[Task]: Take the entries below and return them unchanged.

[Data entries]:
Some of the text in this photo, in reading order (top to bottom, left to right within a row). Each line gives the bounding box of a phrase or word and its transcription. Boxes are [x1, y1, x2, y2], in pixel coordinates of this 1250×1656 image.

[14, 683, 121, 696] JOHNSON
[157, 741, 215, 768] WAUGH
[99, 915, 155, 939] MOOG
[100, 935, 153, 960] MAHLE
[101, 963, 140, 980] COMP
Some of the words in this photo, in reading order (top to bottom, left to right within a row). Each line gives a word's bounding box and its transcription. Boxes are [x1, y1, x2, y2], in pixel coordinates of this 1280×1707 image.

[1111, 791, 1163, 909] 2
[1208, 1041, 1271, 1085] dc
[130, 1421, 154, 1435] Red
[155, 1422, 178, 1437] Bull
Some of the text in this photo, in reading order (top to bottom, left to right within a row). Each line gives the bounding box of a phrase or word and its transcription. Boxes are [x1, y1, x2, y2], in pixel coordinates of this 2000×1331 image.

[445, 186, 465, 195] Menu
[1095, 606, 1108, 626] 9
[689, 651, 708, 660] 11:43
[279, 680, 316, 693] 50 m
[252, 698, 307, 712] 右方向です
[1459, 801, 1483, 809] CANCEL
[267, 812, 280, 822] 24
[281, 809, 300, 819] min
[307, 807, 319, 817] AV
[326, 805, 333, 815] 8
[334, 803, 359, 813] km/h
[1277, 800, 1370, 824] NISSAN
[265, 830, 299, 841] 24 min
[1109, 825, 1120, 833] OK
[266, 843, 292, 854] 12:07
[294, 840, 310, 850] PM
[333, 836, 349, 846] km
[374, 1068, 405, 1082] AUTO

[Answer]:
Some of the text in this photo, in reading order (top to bottom, left to right within a row). Each line gives the bounding box of a phrase or word and its transcription. Boxes are [x1, y1, x2, y2], in pixel coordinates of this 1250×1656 image.

[14, 683, 121, 696] JOHNSON
[157, 741, 215, 768] WAUGH
[99, 915, 155, 939] MOOG
[100, 935, 153, 960] MAHLE
[101, 963, 140, 980] COMP
Some of the words in this photo, in reading order (top to bottom, left to right within a row). Each line gives a word's bounding box and its transcription. Boxes are [x1, y1, x2, y2], in pixel coordinates of this 1280×1707 image.

[1111, 791, 1163, 909] 2
[1208, 1041, 1271, 1085] dc
[130, 1421, 154, 1435] Red
[155, 1422, 178, 1437] Bull
Some of the text in this photo, in reading order (top to bottom, left to right within a row). Each line gives the bounding box of a phrase or word and its transcription. Boxes are [x1, y1, x2, y2], in pixel coordinates of this 2000×1331 image.

[445, 186, 465, 195] Menu
[1095, 606, 1108, 626] 9
[689, 651, 708, 660] 11:43
[279, 680, 316, 693] 50 m
[252, 698, 307, 712] 右方向です
[1459, 801, 1483, 809] CANCEL
[267, 812, 280, 822] 24
[281, 809, 300, 819] min
[307, 807, 319, 817] AV
[326, 805, 333, 815] 8
[334, 803, 359, 813] km/h
[1277, 800, 1370, 824] NISSAN
[265, 830, 299, 841] 24 min
[1109, 825, 1120, 833] OK
[266, 843, 292, 854] 12:07
[294, 840, 310, 850] PM
[333, 836, 349, 846] km
[374, 1068, 405, 1082] AUTO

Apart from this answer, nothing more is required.